Il giornale della politica italiana è un grande giornale di cultura politica (e non solo). Ogni giorno distinguiamo notizie e commento che trovate nella home che esprime la linea de il Politico.it. Un giornale che sta dalla parte del Paese, che guarda al futuro, che crede nel rinnovamento della nostra politica per il bene del Paese all’insegna dei valori (che dovranno essere o tornare ad essere sempre più) condivisi dell’onestà e della responsabilità. In questa chiave si succedono sulle nostre pagine grandi dibattiti sul tema (politico) del giorno da noi selezionato con l’autorevolezza del giornale della politica italiana, coronati (o lanciati) dalla “chiusa” del Diario politico che è il nostro luogo-principe di osservazione della nostra politica.

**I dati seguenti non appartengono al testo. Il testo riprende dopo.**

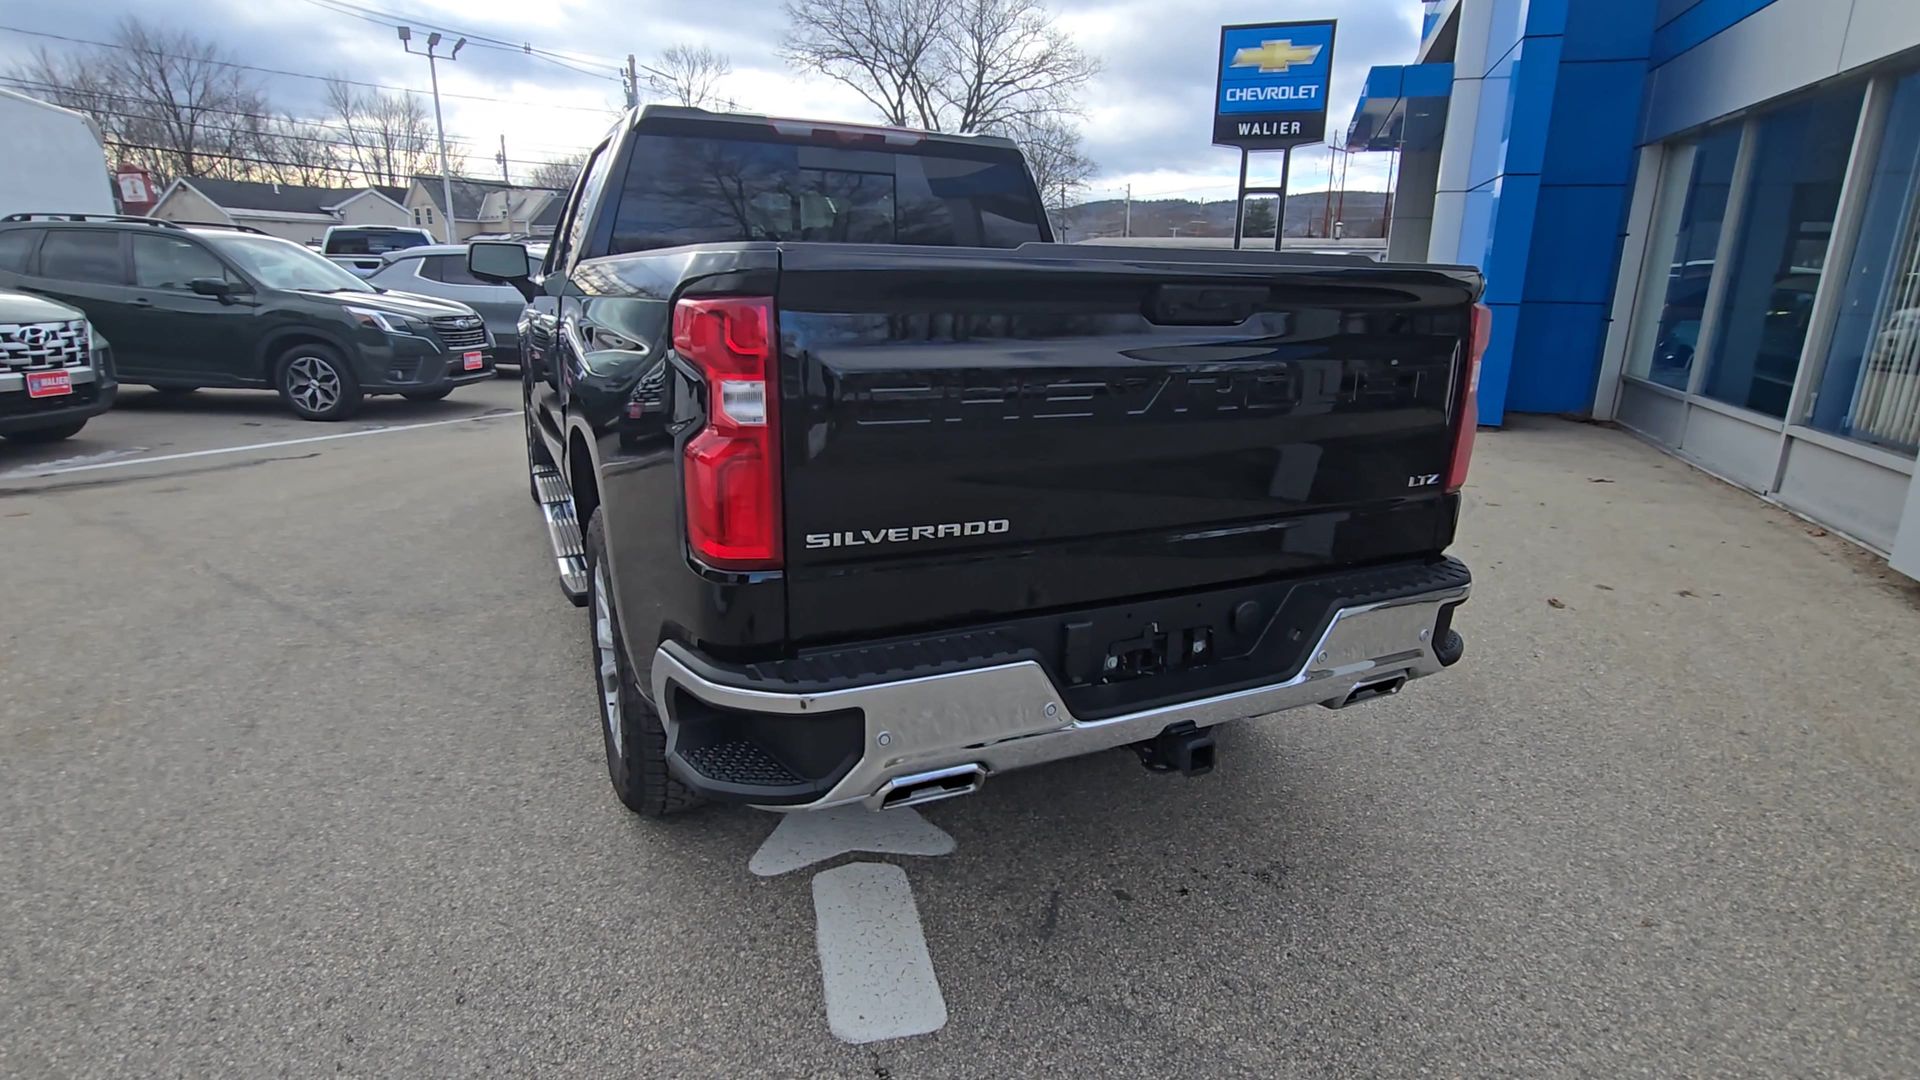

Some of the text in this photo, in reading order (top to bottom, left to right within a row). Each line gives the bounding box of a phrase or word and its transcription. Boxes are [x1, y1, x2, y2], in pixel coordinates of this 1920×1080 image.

Ieri vi abbiamo proposto, tra il resto, una riflessione sul tema della (discriminazione della) omosessualità a partire dalla sentenza della Cassazione che stabilisce che dare “del gay” a qualcuno in tono offensivo ora è reato. Dall’Australia intanto arrivava la notizia che ad una persona era stato riconosciuto lo status di “neutro”, ovvero né uomo né donna, in ragione della sua condizione sessuale. Il vicedirettore di Red e grande blogger dà seguito al nostro ragionamento di ieri analizzando il fatto australiano anche in funzione delle deformazioni culturali (?) e quindi sessuali prodotte dal trash dei reality show nel nostro Paese.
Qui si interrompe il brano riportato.